Dataset entries
* * * * *
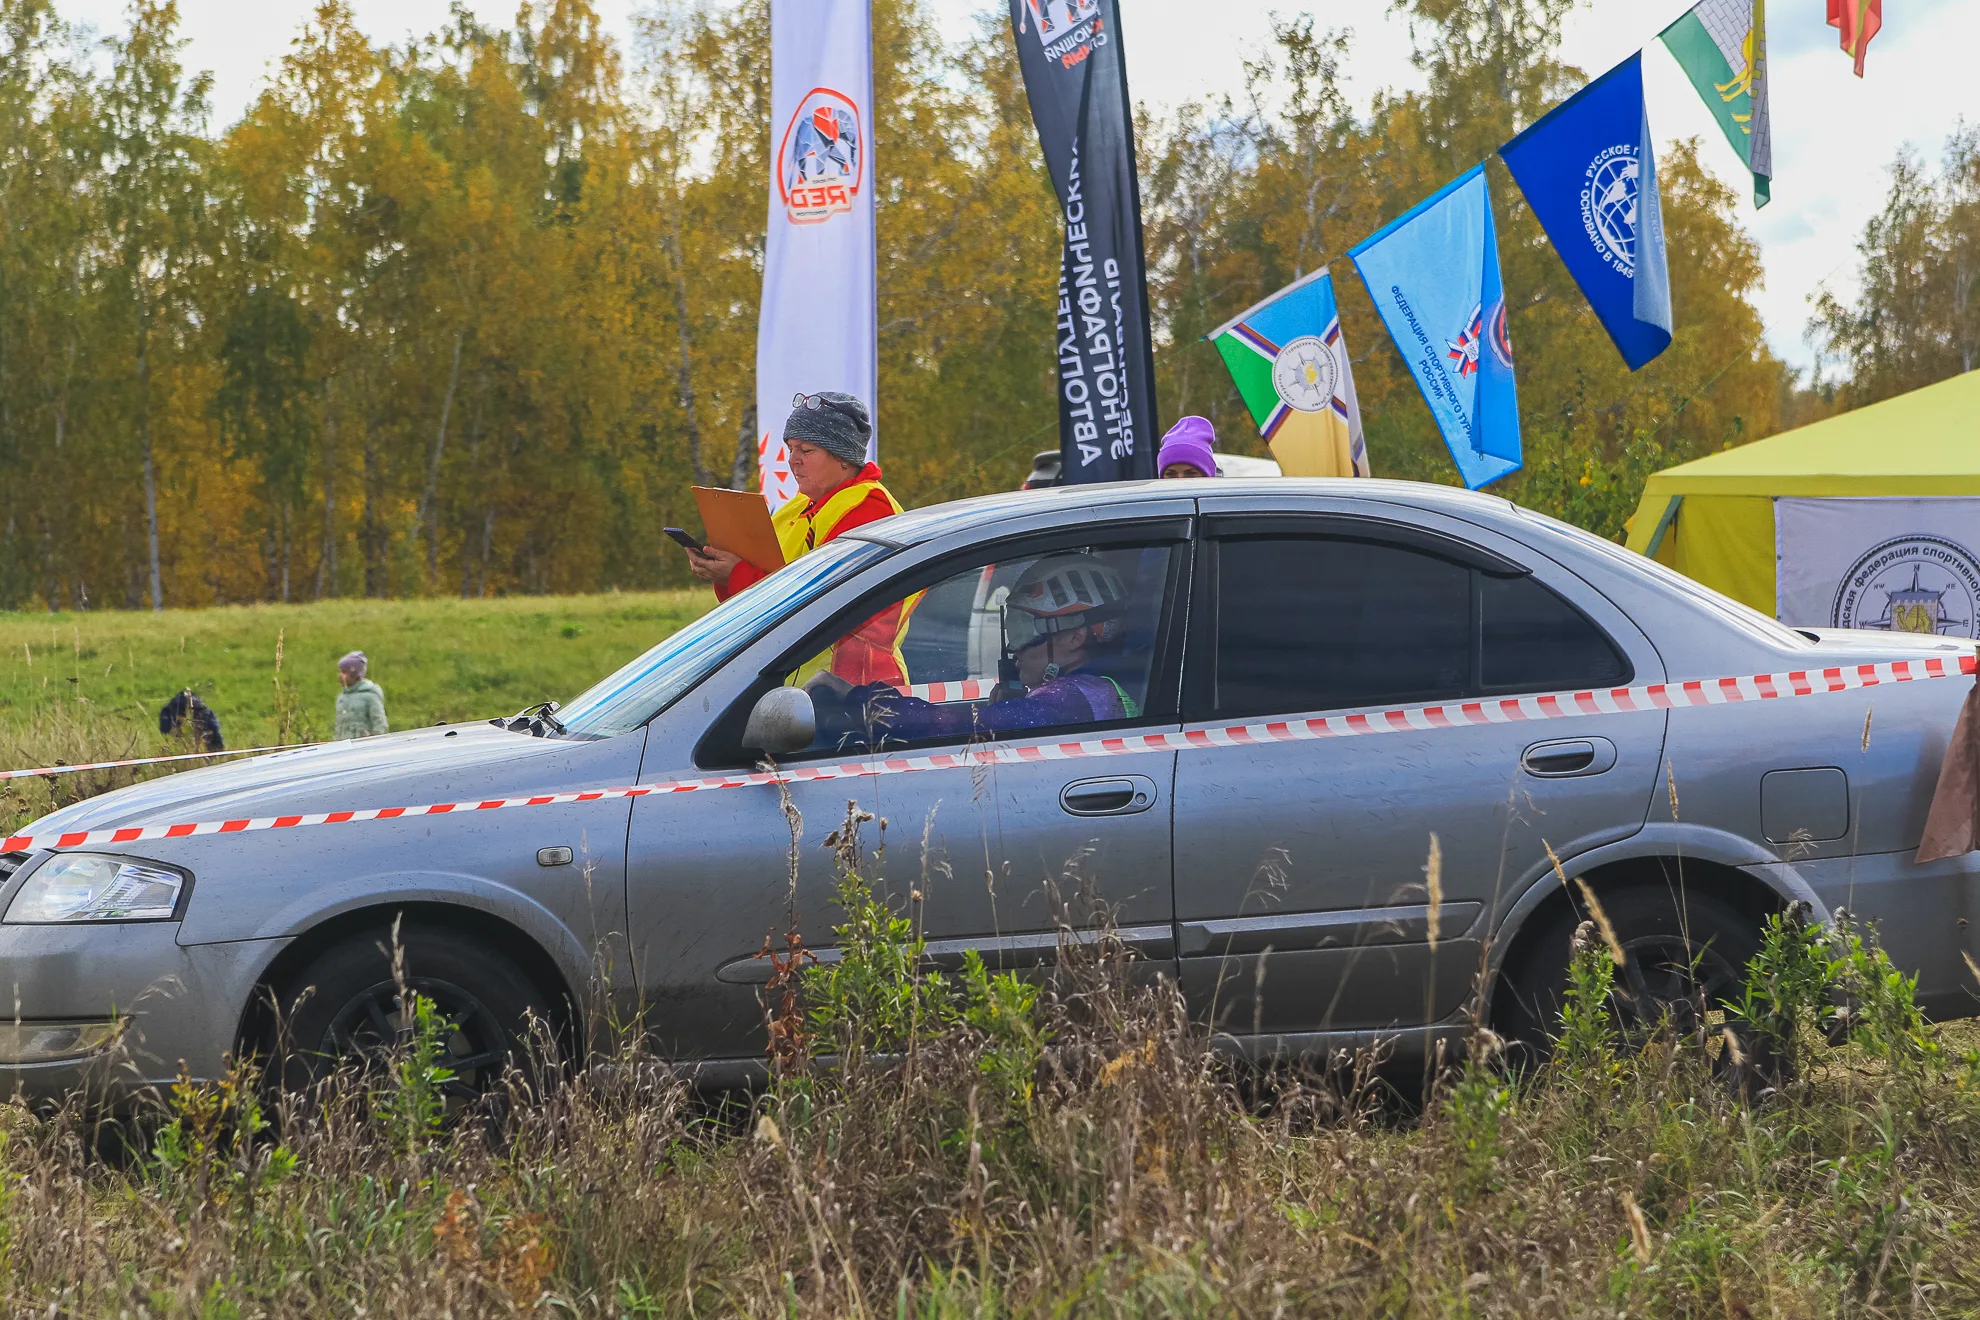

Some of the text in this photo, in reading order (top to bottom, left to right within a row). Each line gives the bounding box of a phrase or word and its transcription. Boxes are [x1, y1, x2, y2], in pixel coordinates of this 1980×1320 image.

[1586, 145, 1631, 178] РУССКОЕ
[1580, 189, 1634, 279] ОСНОВАНО В 1845
[1391, 285, 1429, 347] ФЕДЕРАЦИЯ
[1424, 343, 1462, 414] СПОРТИВНОГО
[1418, 359, 1444, 400] РОССИИ
[1854, 546, 1919, 589] федерация
[1913, 563, 1920, 572] N
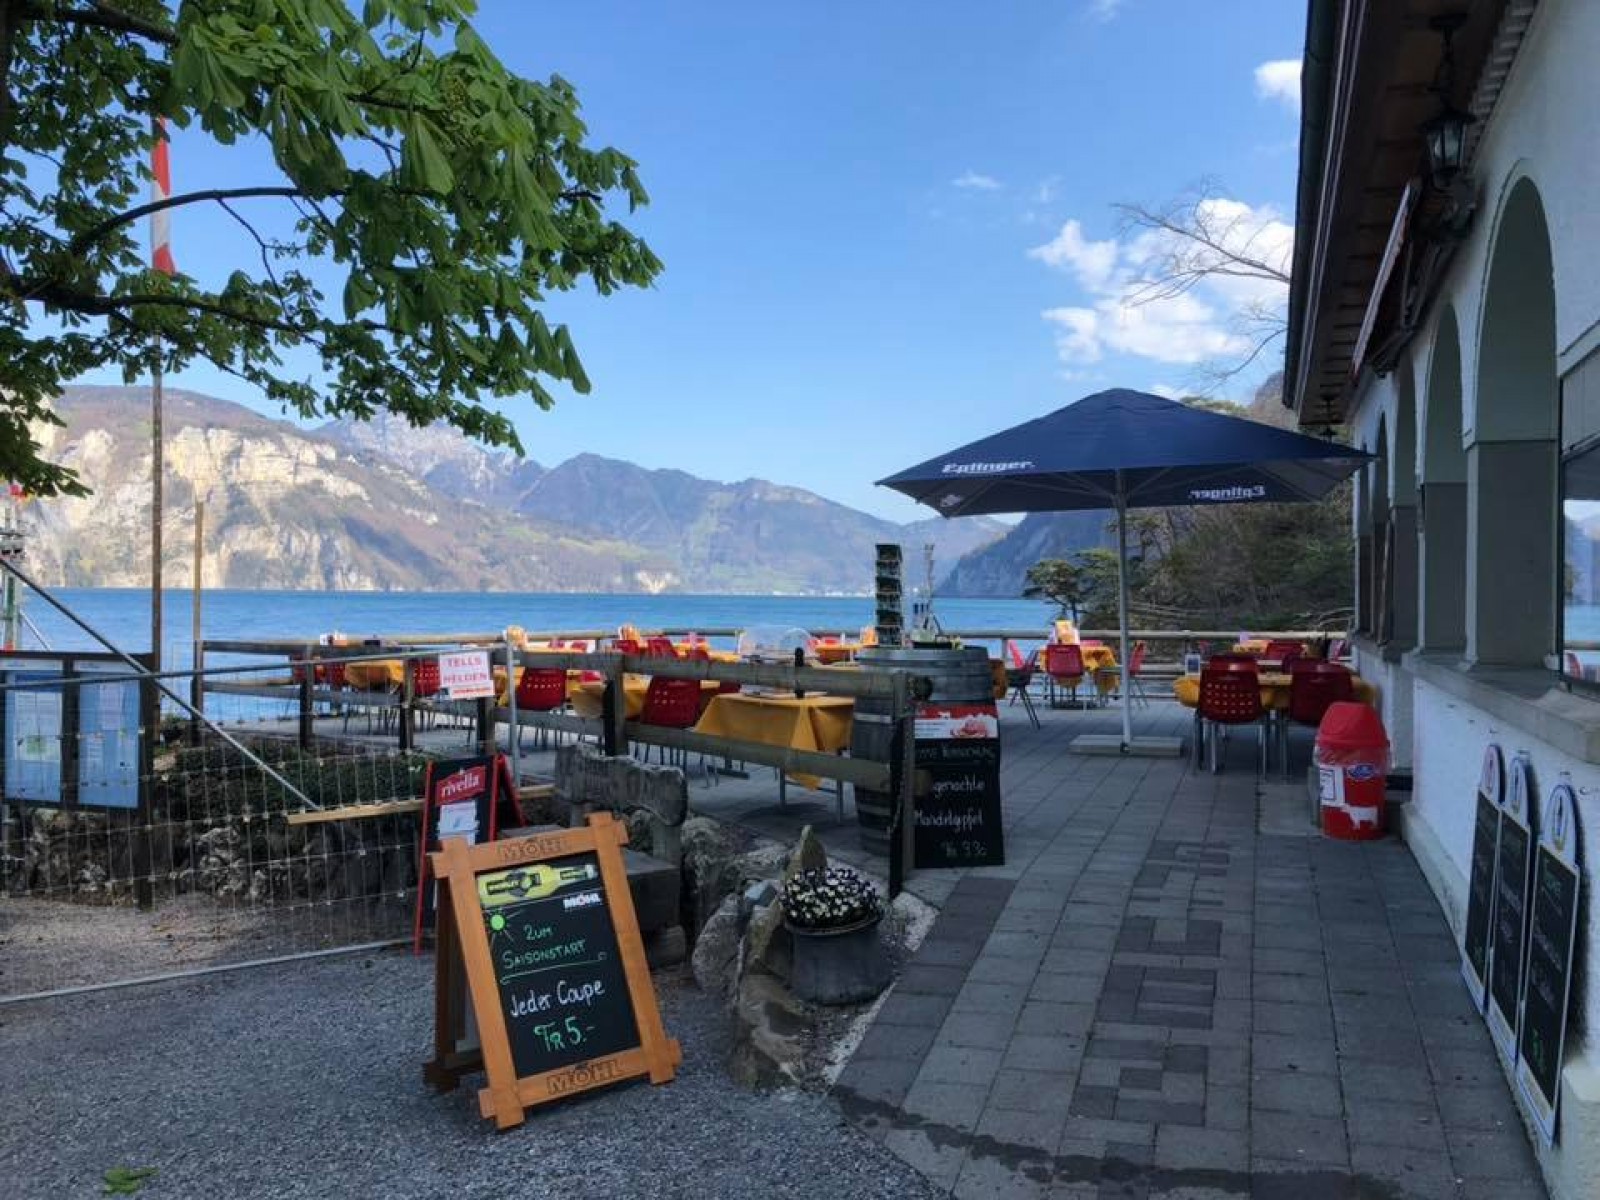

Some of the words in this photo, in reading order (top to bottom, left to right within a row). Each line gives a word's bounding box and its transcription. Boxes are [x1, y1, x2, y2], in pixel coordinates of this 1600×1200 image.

[441, 772, 480, 799] rivella
[510, 990, 552, 1017] Jeder
[557, 979, 605, 1006] Coupe
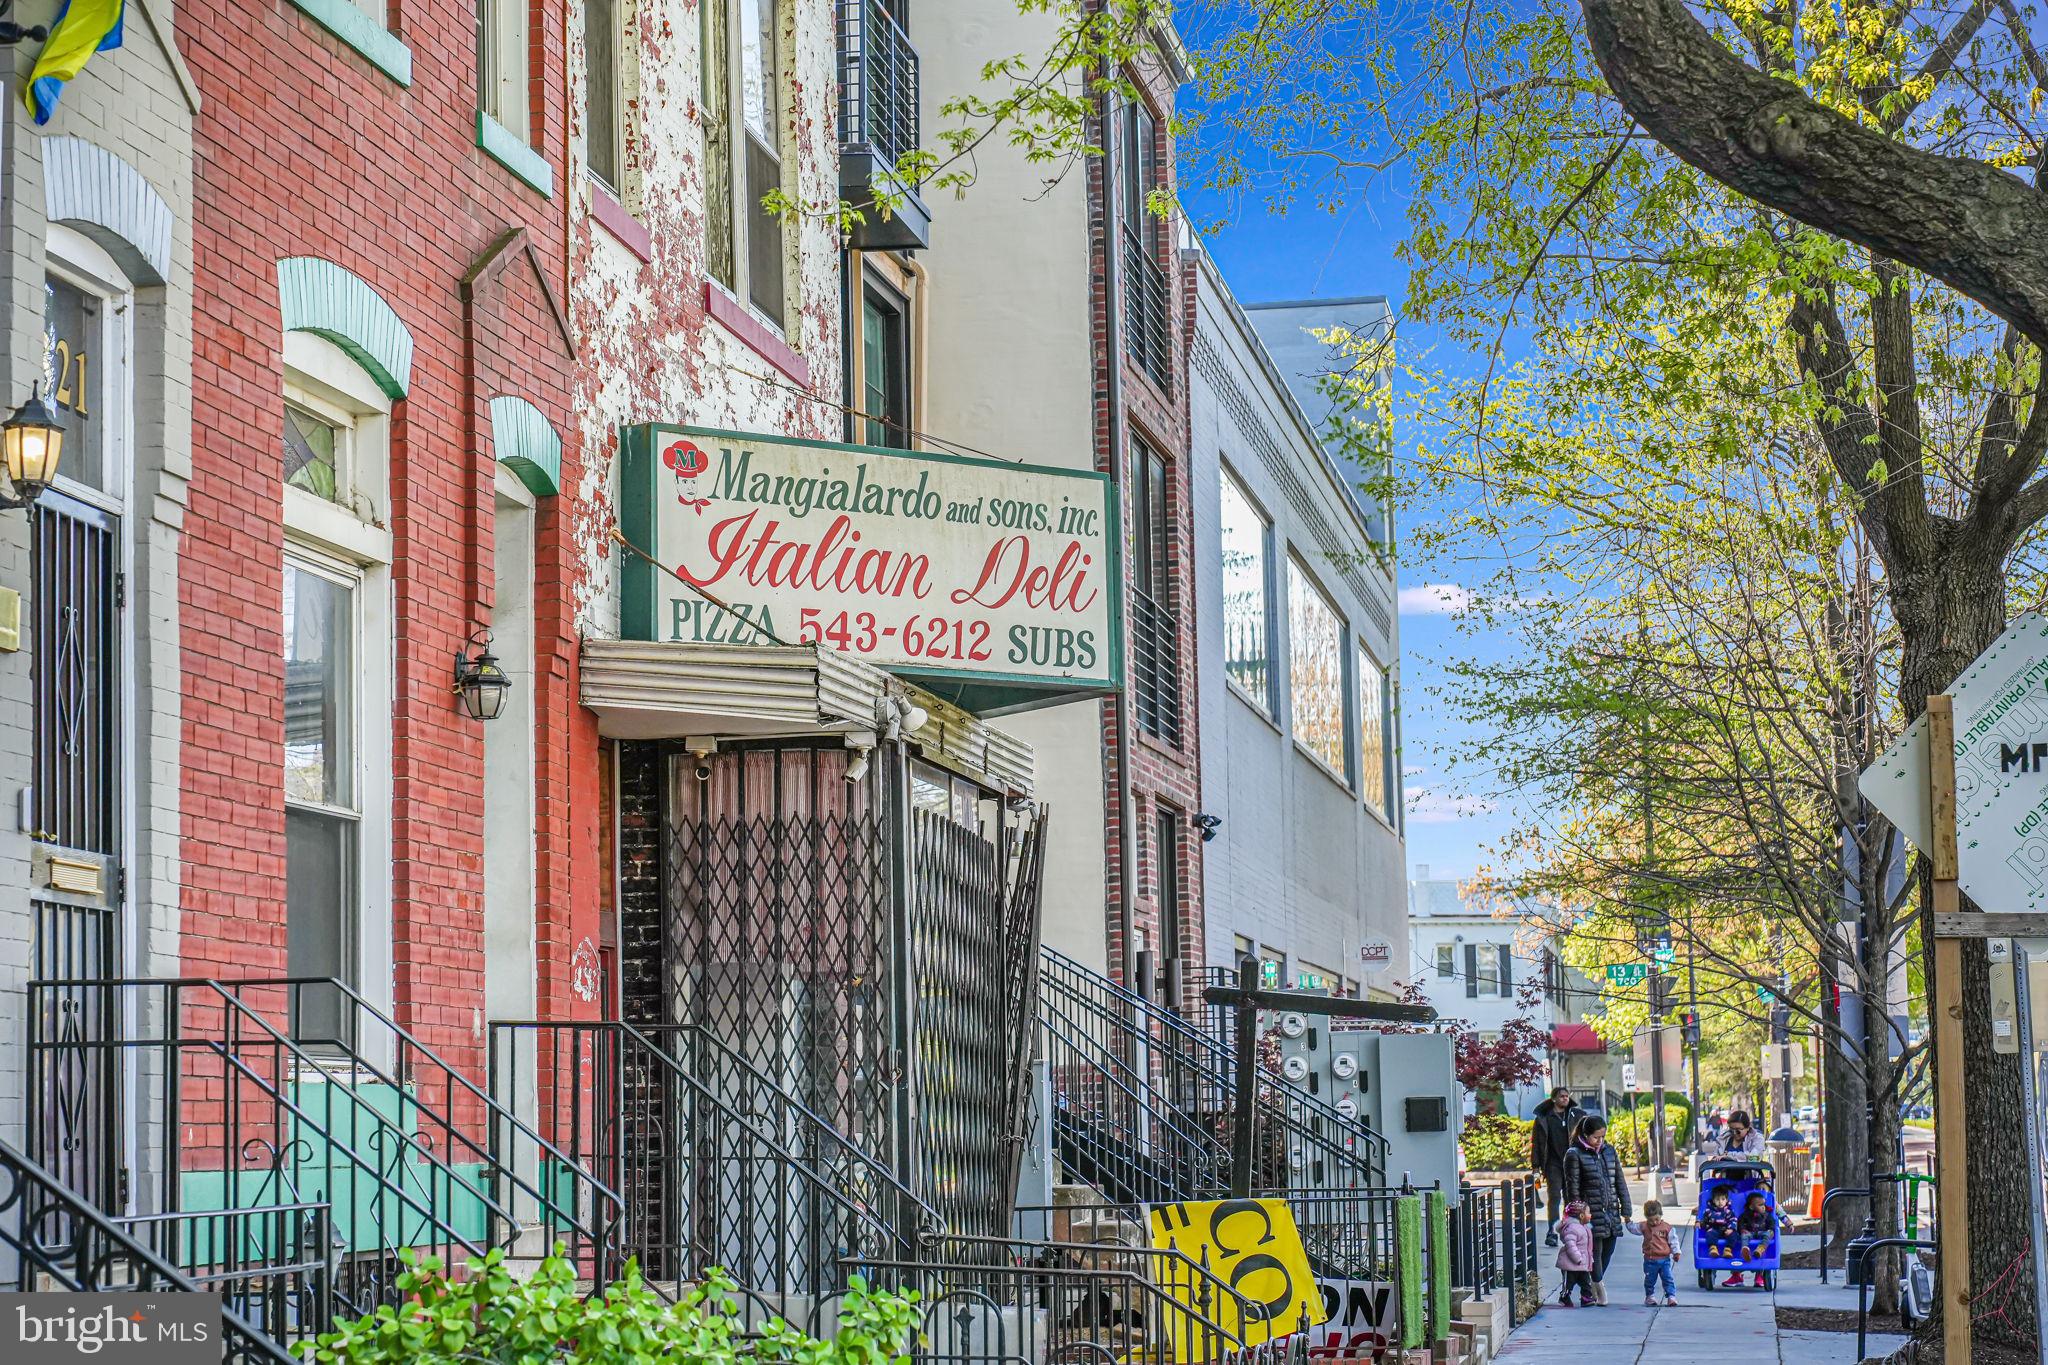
* * * * *
About this exercise: Write the lines above out again exactly, without any of their pictures.

Exercise result:
Some of the text in this photo, in reading order (top to bottom, left to right within a row). Each line gives the bounding box of a phrase or word and its transcription. Boxes are [x1, y1, x2, y2], in pixel coordinates of this 1980×1320 image.

[1586, 145, 1631, 178] РУССКОЕ
[1580, 189, 1634, 279] ОСНОВАНО В 1845
[1391, 285, 1429, 347] ФЕДЕРАЦИЯ
[1424, 343, 1462, 414] СПОРТИВНОГО
[1418, 359, 1444, 400] РОССИИ
[1854, 546, 1919, 589] федерация
[1913, 563, 1920, 572] N

Some of the words in this photo, in reading order (top to bottom, left to right within a row). Each line gives a word's bounding box and its transcription. Boxes are [x1, y1, x2, y2], in pixel coordinates of this 1600×1200 image.

[441, 772, 480, 799] rivella
[510, 990, 552, 1017] Jeder
[557, 979, 605, 1006] Coupe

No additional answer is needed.